Exercise aim
An exact transcript of all the records is the expected answer.

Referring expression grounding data

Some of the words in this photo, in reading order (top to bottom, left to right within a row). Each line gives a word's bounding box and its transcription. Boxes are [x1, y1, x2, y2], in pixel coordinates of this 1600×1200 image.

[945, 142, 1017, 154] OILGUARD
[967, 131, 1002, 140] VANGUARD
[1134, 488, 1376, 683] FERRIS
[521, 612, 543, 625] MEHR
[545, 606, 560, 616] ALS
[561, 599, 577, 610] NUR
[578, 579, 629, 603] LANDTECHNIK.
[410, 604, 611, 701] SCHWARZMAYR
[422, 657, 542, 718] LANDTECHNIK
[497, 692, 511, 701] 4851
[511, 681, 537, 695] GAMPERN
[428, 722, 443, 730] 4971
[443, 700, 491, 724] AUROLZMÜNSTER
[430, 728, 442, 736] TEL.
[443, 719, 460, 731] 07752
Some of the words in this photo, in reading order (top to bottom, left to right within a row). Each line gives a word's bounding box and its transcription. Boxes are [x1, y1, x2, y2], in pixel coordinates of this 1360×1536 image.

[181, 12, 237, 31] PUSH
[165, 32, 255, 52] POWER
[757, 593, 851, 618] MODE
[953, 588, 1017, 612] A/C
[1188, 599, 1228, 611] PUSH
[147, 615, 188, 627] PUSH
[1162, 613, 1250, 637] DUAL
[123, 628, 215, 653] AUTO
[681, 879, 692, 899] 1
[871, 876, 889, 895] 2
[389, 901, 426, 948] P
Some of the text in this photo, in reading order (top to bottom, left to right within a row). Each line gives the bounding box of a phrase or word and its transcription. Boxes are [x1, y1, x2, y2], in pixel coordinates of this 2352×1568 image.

Task solution
Some of the words in this photo, in reading order (top to bottom, left to right within a row). Each line gives a word's bounding box and its transcription. Boxes are [x1, y1, x2, y2], in pixel coordinates of this 1600×1200 image.

[945, 142, 1017, 154] OILGUARD
[967, 131, 1002, 140] VANGUARD
[1134, 488, 1376, 683] FERRIS
[521, 612, 543, 625] MEHR
[545, 606, 560, 616] ALS
[561, 599, 577, 610] NUR
[578, 579, 629, 603] LANDTECHNIK.
[410, 604, 611, 701] SCHWARZMAYR
[422, 657, 542, 718] LANDTECHNIK
[497, 692, 511, 701] 4851
[511, 681, 537, 695] GAMPERN
[428, 722, 443, 730] 4971
[443, 700, 491, 724] AUROLZMÜNSTER
[430, 728, 442, 736] TEL.
[443, 719, 460, 731] 07752
Some of the words in this photo, in reading order (top to bottom, left to right within a row). Each line gives a word's bounding box and its transcription. Boxes are [x1, y1, x2, y2], in pixel coordinates of this 1360×1536 image.

[181, 12, 237, 31] PUSH
[165, 32, 255, 52] POWER
[757, 593, 851, 618] MODE
[953, 588, 1017, 612] A/C
[1188, 599, 1228, 611] PUSH
[147, 615, 188, 627] PUSH
[1162, 613, 1250, 637] DUAL
[123, 628, 215, 653] AUTO
[681, 879, 692, 899] 1
[871, 876, 889, 895] 2
[389, 901, 426, 948] P
Some of the text in this photo, in reading order (top to bottom, left to right within a row). Each line gives the bounding box of a phrase or word and its transcription. Boxes are [x1, y1, x2, y2], in pixel coordinates of this 2352×1568 image.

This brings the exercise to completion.